FAR admits it has only made a preliminary interpretation of the well data provided by wireline logging and sampling in the Aptian carbonate section of VR-1, and as work is ongoing to characterise the interval, and that could change.
It is a rare disappointing outcome for the company, which has drilled eight successful wells offshore Senegal to date, although the FAN-1 discovery poses several unresolved questions and the BEL-1 exploration target was also not found as expected.
VR-1 successfully encountered almost 100m of oil, with greater than expected net pay in the SNE field, including some of the best lower reservoir properties in the Albian formations.
The well is still 10 days ahead of schedule, and continues the outstanding performance from the Stena DrillMAX drillship, which has been delivering wells ahead of budget.
The well will now be plugged and abandoned.
FAR managing director Cath Norman said notwithstanding the exploration outcome it should be considered an overall success given the appraisal component was met, and exceeded in some cases.

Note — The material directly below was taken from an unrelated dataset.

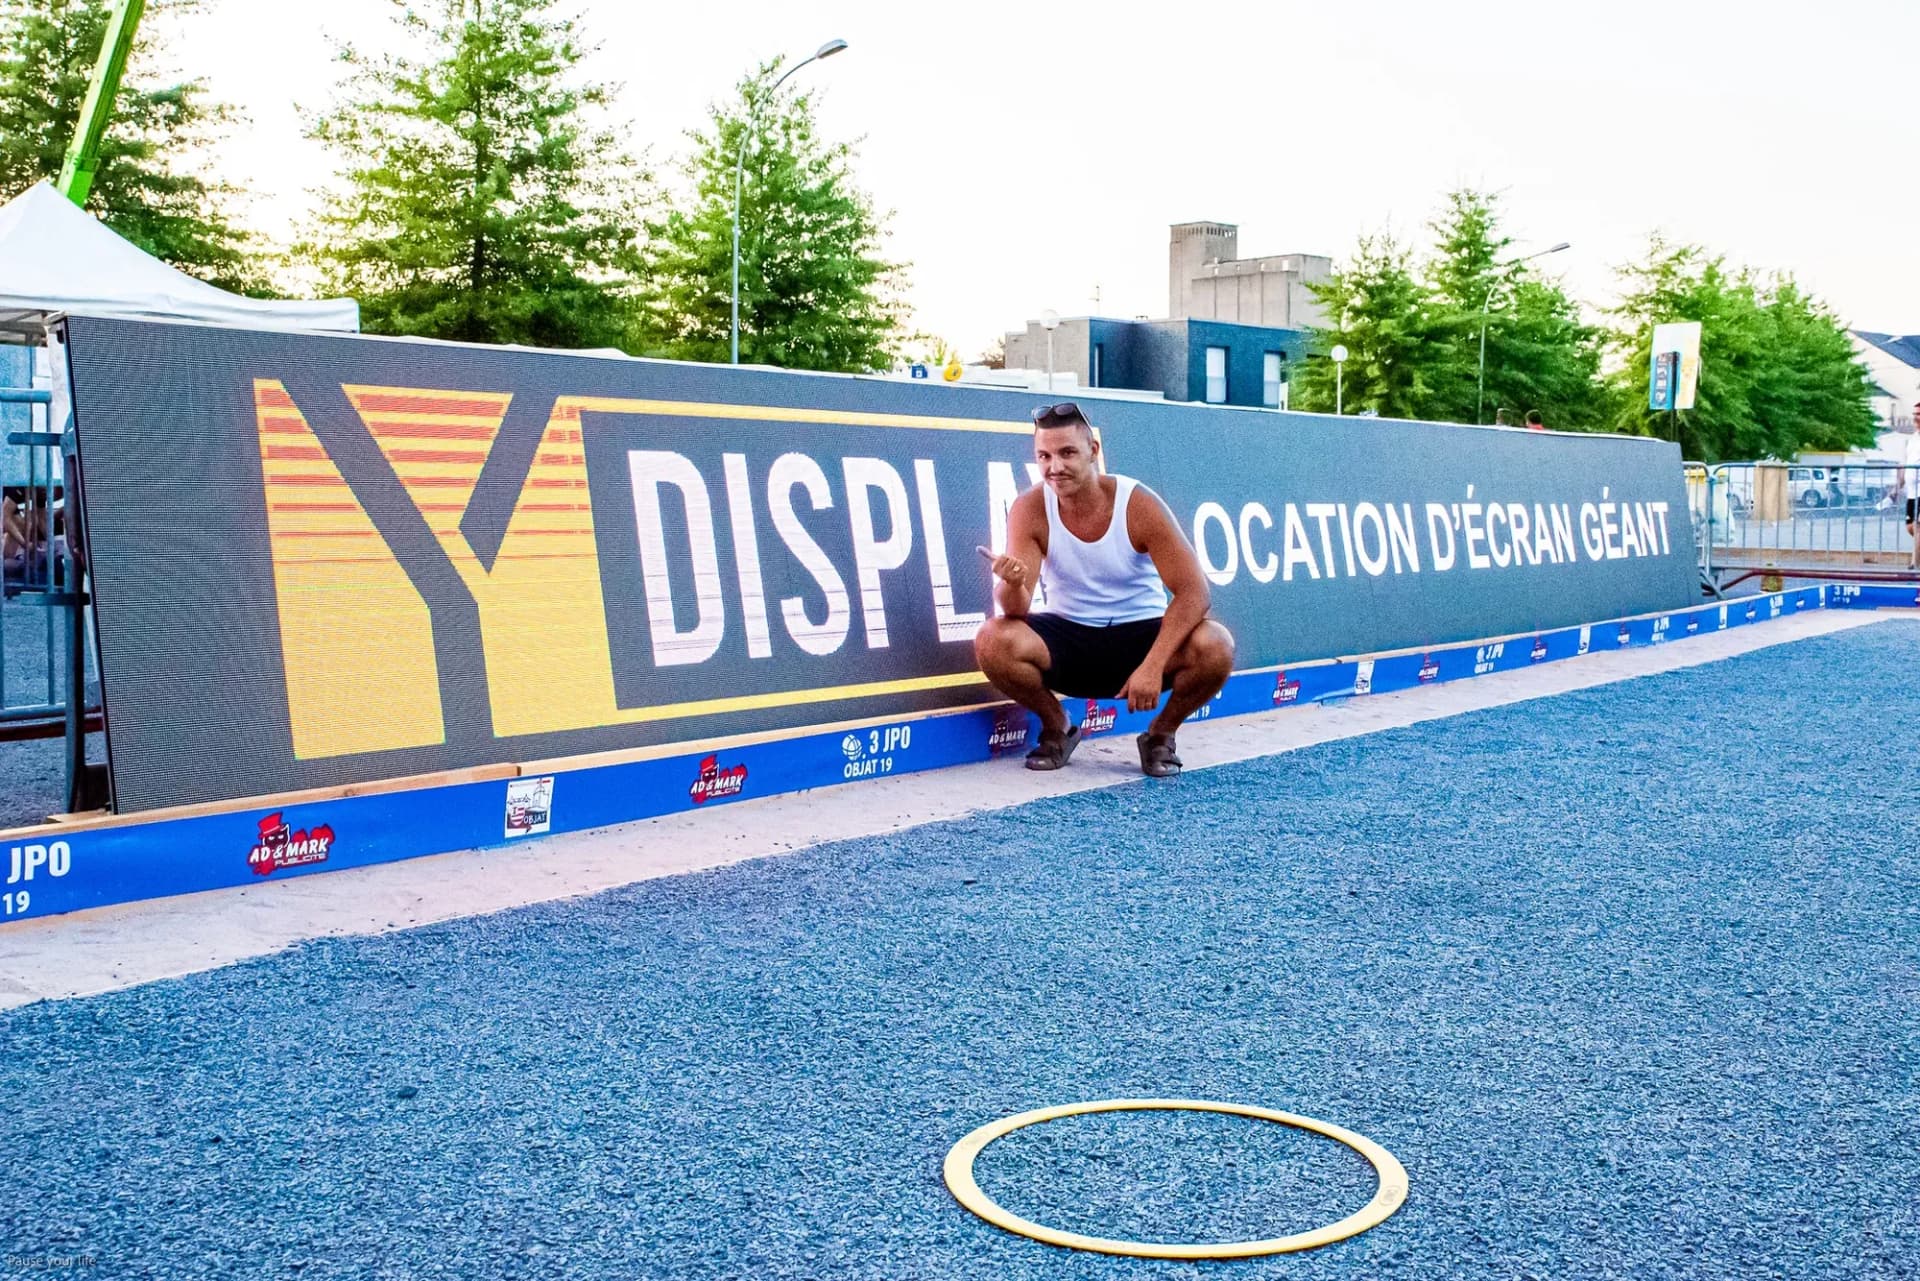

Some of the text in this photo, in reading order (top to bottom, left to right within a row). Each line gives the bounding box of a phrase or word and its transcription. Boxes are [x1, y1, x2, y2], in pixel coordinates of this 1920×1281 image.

"We see evidence at this stage of hydrocarbons in the secondary target in the limestones but at this stage, FAR's interpretation is that these are more than likely not of economic significance although interpretation of the wireline logs and samples taken has not been completed," she said.
"As previously reported, the limestone target was high risk with FAR carrying a 10% chance of success and we look forward now to completing the SNE-6 well and the connectivity measurements across the SNE field as planned."
Buoyed by its recent successes FAR has also been able to raise $80 million at eight cents per share in a fully-underwritten placement by Credit Suisse and RBC Capital Markets.
The 8cps raising was at less than a 5% discount, and goes some way to assuaging doubts that the company won't be able to meet its growing commitments off West Africa, where it has committed to a significant number of offshore wells for a junior in recent weeks.
The cash will meet all expected costs in Senegal and The Gambia, although a well due in Guinea-Bissau before the end of 2020 was not mentioned.
The $80 million raising will take place in two tranches, the first of $54 million and the second, for $26 million, requiring shareholder support in May.
FAR has elected to remain in its trading halt.